:: Task requirements ::
Would you return the entries below exactly from the line containing "this 1280×1440 image." onward, ending with the final line and including it, and nothing else?

:: Referring expression grounding data ::
┏━━
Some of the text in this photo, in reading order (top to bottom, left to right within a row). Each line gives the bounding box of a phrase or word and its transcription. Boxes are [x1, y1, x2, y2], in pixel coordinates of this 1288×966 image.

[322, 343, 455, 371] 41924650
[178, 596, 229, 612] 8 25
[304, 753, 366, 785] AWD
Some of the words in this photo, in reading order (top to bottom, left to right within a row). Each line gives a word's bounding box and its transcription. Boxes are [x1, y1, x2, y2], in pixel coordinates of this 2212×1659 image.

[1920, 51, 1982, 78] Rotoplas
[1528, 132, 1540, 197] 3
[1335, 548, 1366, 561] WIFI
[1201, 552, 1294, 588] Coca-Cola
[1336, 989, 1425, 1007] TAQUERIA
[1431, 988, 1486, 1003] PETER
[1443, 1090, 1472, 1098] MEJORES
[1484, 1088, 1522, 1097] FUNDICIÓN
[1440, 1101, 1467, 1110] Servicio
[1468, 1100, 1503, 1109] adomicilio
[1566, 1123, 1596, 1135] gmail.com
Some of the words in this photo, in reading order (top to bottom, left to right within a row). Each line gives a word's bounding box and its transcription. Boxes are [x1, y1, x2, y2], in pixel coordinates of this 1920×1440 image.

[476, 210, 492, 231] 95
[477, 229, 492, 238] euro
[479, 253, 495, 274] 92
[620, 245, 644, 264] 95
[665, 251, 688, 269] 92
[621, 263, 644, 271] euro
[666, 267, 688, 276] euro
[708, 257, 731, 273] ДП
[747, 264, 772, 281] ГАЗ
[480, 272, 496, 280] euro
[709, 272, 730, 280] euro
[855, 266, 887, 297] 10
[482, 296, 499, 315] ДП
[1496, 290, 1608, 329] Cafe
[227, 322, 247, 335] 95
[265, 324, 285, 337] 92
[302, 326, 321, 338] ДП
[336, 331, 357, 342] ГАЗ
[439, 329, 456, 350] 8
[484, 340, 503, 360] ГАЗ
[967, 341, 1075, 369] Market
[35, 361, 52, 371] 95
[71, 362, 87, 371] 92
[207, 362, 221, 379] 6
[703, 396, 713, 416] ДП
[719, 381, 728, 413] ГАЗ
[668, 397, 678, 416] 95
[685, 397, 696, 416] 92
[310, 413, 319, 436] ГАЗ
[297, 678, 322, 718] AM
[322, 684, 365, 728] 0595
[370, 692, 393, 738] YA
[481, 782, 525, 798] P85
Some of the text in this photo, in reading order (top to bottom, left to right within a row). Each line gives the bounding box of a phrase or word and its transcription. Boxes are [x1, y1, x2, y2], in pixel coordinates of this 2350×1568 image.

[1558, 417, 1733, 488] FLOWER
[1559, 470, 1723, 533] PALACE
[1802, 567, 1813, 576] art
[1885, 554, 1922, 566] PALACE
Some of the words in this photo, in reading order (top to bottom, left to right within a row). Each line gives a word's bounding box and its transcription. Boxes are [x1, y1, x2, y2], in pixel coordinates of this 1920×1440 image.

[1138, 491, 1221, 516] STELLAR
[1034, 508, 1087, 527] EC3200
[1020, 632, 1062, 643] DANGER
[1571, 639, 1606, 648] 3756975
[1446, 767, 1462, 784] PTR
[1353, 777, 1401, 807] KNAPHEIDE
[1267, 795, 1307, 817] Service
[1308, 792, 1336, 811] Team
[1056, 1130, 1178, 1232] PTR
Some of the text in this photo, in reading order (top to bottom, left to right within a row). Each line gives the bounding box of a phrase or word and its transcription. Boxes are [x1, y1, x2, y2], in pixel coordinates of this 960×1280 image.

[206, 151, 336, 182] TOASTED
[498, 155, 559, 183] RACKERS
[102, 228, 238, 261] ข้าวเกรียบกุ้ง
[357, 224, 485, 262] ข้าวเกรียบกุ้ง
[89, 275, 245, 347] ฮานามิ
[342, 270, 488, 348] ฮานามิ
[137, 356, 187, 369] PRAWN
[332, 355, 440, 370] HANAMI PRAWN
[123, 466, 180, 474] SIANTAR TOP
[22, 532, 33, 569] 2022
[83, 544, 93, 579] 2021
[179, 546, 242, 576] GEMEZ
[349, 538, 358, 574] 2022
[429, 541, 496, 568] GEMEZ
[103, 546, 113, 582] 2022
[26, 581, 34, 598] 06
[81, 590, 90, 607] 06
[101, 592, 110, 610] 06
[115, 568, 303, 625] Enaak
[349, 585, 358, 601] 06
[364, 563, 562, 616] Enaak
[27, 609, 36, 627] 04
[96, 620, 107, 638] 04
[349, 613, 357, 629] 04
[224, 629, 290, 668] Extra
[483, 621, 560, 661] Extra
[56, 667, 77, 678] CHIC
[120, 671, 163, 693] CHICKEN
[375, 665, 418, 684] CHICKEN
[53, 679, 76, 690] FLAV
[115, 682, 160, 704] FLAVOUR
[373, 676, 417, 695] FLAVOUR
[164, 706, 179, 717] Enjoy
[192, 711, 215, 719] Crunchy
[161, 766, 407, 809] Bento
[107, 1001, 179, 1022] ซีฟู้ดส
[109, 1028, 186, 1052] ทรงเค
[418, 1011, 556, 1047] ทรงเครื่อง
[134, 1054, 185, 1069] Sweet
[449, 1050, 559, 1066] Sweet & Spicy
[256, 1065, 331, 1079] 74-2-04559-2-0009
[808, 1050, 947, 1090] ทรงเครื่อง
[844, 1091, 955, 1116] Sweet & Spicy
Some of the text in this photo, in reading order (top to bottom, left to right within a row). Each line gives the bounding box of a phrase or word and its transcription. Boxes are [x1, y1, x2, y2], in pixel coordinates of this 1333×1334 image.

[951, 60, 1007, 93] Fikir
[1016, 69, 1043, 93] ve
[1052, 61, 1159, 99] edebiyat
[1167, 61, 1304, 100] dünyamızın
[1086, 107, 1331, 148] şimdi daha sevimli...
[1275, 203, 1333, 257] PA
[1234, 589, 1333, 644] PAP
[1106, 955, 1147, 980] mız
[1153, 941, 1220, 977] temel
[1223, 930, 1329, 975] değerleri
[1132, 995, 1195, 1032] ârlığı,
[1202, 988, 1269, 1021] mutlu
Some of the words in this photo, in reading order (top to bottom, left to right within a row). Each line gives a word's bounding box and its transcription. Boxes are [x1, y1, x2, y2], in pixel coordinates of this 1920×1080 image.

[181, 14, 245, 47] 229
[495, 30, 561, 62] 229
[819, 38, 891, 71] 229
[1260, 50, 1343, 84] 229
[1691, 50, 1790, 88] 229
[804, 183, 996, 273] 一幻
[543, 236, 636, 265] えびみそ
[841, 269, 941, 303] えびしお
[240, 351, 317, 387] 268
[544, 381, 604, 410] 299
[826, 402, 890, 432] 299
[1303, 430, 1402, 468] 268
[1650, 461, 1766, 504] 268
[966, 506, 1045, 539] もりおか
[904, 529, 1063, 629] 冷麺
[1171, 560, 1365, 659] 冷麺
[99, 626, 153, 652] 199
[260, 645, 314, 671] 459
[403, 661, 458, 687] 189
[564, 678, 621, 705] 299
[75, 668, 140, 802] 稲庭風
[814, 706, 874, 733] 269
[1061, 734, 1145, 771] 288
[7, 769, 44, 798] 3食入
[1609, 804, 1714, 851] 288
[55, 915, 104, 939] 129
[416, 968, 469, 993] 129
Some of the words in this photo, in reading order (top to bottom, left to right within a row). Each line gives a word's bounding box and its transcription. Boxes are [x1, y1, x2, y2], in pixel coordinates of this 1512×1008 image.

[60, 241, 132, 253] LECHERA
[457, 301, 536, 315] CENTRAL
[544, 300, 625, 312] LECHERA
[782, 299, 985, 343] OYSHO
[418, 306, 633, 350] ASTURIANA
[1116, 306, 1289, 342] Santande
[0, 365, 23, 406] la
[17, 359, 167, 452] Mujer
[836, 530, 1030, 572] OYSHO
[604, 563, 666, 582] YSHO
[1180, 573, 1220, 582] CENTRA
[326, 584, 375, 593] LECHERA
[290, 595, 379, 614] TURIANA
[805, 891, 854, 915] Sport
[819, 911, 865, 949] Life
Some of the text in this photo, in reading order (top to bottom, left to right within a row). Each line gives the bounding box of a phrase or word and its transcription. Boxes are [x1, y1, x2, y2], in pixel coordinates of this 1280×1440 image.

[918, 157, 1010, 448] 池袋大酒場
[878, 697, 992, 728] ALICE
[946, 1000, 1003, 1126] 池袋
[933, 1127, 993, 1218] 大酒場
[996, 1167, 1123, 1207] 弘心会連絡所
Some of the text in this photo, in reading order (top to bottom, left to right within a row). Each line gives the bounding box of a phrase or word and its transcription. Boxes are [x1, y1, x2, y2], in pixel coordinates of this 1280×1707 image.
┗━━
:: Response box ::
Some of the text in this photo, in reading order (top to bottom, left to right within a row). Each line gives the bounding box of a phrase or word and its transcription. Boxes are [x1, y1, x2, y2], in pixel coordinates of this 1280×1440 image.

[918, 157, 1010, 448] 池袋大酒場
[878, 697, 992, 728] ALICE
[946, 1000, 1003, 1126] 池袋
[933, 1127, 993, 1218] 大酒場
[996, 1167, 1123, 1207] 弘心会連絡所
Some of the text in this photo, in reading order (top to bottom, left to right within a row). Each line gives the bounding box of a phrase or word and its transcription. Boxes are [x1, y1, x2, y2], in pixel coordinates of this 1280×1707 image.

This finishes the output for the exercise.